The first step of the layout is to create a signal flow graph that shows the connection directions and the general layout of the cell. A number of factors need to be taken into account:

The basic usage of the FA will be in Carry Save blocks (for the arrangement please see Figure 6.3) where the carry signal is passed to the neighbouring cell to the left and on the row below. This suggests that the Carry-out signal should be placed to the left bottom part of the block
Another usage of the FA would be in a Ripple Carry Adder chain where the Carry-out signal is passed to the Carry-in signal of the FA to the left. This would require a Carry-out signal on the left edge of the block and a corresponding input on the right edge (as practically all the inputs are interchangeable it does not need to be a specific input) that could easily be connected to this Carry-out signal when necessary.
The Systolic adder will consist of two rows of FA's of 12 and 11 adders respectively. A structure that is as narrow as possible is desirable.
The floorplan (see Figure 4.3) suggests that the systolic adder will be placed between the two RAM blocks which have horizontal Metal-2 lines for VDD and GND. The same scheme could be adapted by the FA's to reduce the power routing complexity.

After creating the signal graph, the transistors have to be placed. The emphasis is to have a block that is as narrow as possible. It usually does not pay off to break up transistor blocks that form a branch. In the FA layout, the branch for the sum calculation produces the widest diffusion block. This gives a limit for the minimum width of the block, as it is not possible to make a narrower block without breaking up that branch. Next, the other branch blocks are placed. Since the FA uses mostly the three input signals for all of its blocks it is possible to put two nMOS and two pMOS blocks one after another (generally a mirroring approach illustrated in Figure 8.6 is used). The output inverters which are totally separated from the remaining blocks are placed at the very bottom of the block in a mirrored scheme. Another alternative is to place them to one side of the Adder, which would increase the width of the block.

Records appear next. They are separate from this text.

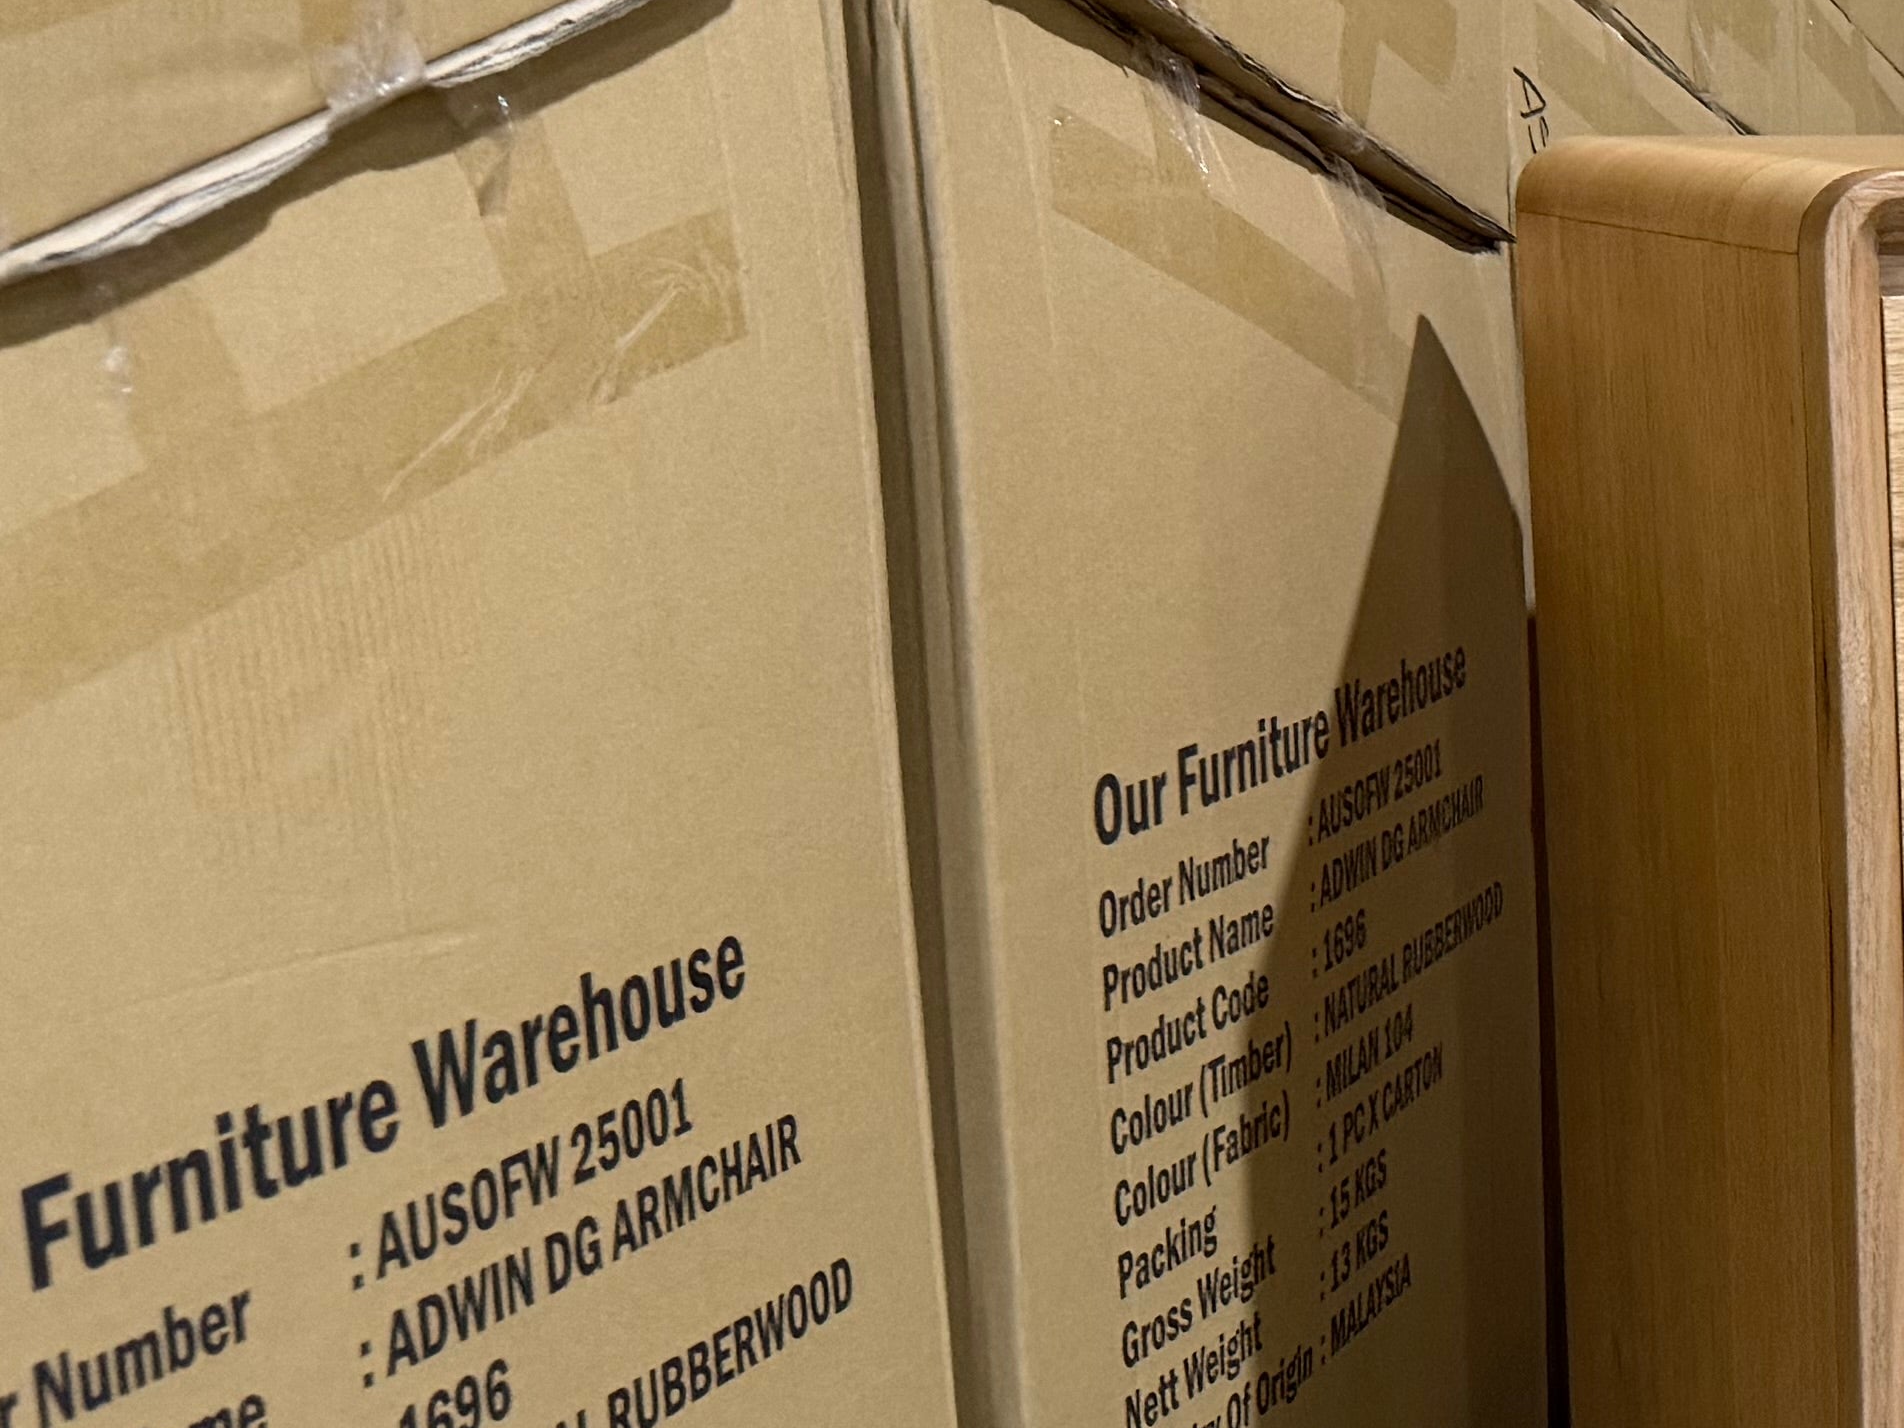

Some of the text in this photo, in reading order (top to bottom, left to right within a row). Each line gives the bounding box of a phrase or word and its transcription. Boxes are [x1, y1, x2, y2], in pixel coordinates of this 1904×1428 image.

[1092, 644, 1467, 846] Our Furniture Warehouse
[1105, 995, 1208, 1085] Product
[1210, 969, 1270, 1031] Code
[1322, 907, 1367, 973] 1696
[19, 934, 746, 1292] Furniture Warehouse
[375, 1133, 560, 1280] AUSOFW
[569, 1076, 693, 1186] 25001

The third step is to make the connections and finalize the layout. All three steps of the adder layout are shown in Figure 8.15 The complete layout of the FA cell has dimensions of 60.2um x 24.4\um and occupies an area of 1468um^2.

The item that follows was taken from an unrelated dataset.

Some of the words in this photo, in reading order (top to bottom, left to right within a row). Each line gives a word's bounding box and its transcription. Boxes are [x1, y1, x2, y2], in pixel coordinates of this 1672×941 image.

Figure 8.15: The signal flow graph(left), rough placement(middle) and final layout(right) of the FA ( not complete ).

The circles on the final layout show the connection points for a ripple carry configuration. During the design of the final layout, a few additional enhancements were made:

The first row of FA's will receive three 10 bit inputs from the neighbouring RAM cells horizontally in Metal-2. Metal-2 lines (with provision for via's) have a pitch of 3um which sums up to a considerable amount when used with 30 lines. If the cells could be designed to allow a bus of Metal-2 lines to be routed on top, the routing area could be reduced dramatically. For this reason one of the inputs received a Metal-2 connection, and the top VDD line was reduced to a simple contact to allow more freedom. The space between the the Metal-2 connection for VDD and the Metal-2 connection for GND is 39um, which is more than enough to accommodate a 10 bit Metal-2 bus.
The transistors of the inverters were split into two parallel transistors to use the whole width of the current block and save from height.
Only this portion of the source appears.